5 things about the plague

Cars are parked on the square outside Lanzhou railway station in Lanzhou, north-west China's Gansu province, on May 7, 2014. -- PHOTO: AFP
Cars are parked on the square outside Lanzhou railway station in Lanzhou, north-west China's Gansu province, on May 7, 2014. -- PHOTO: AFP
This photograph depicts the colonial morphology displayed by Gram-negative Yersinia pestis bacteria, which was grown on a medium of chocolate agar, for a 72-hour time period, at a temperature of 25 deg C. -- PHOTO: WIKIMEDIA COMMONS

A man dies from bubonic plague. An entire city gets locked down and people are quarantined. Sounds like something straight out of a mediaeval history book.

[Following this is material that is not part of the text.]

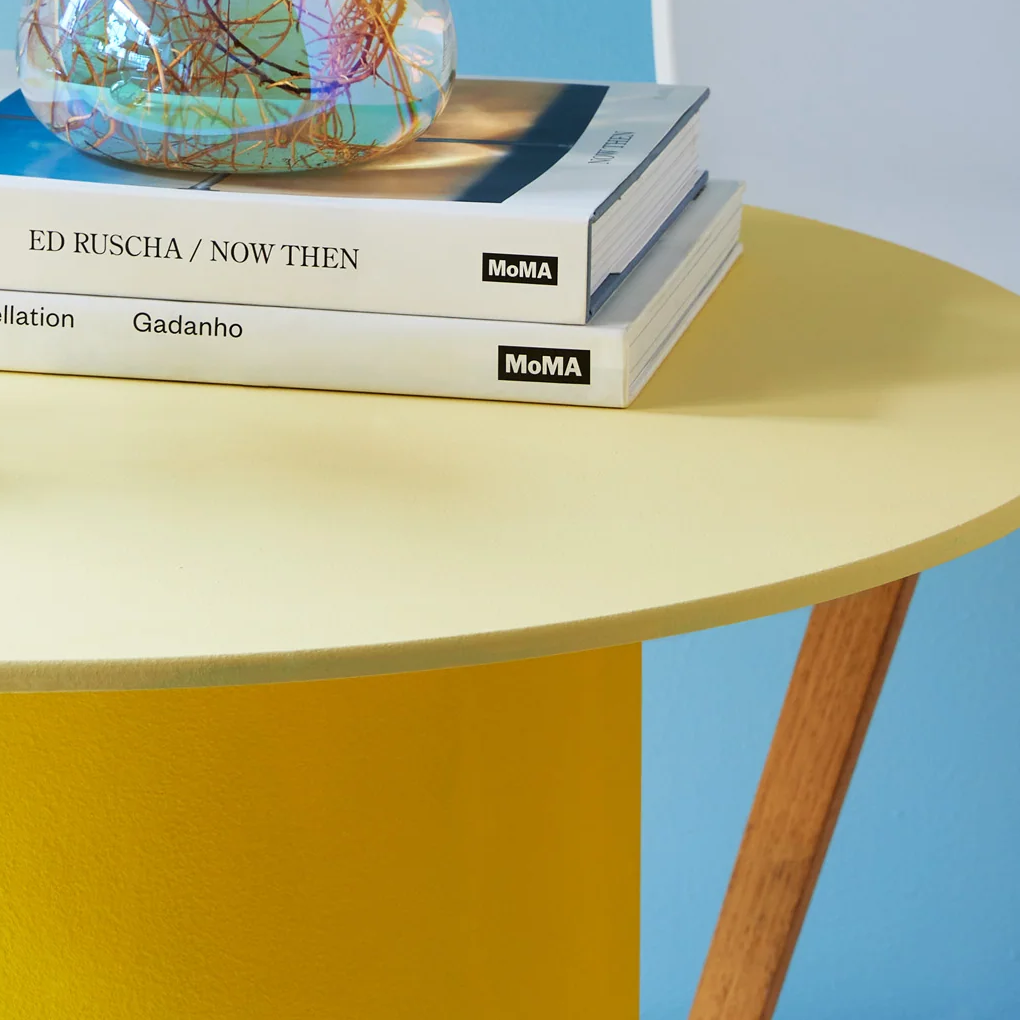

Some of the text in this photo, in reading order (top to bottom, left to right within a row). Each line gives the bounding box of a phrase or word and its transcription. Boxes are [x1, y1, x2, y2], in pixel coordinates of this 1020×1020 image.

But it is actually happening in China.

On July 16, a 38-year-old man died from the plague in Yumen in the northwestern province of Gansu. Subsequently, 151 people were quarantined and the city of 30,000 was sealed off with police setting up roadblocks around the perimeter of the city.

Here are five things you should know about the plague.

1. Bubonic plague is caused by the bacterium Yersinia pestis.

Once transmitted to humans, it can take three forms: pneumonic, septicemic and bubonic plagues. According to the Centers for Disease Control and Prevention in the United States, the bacteria circulates in rodent populations.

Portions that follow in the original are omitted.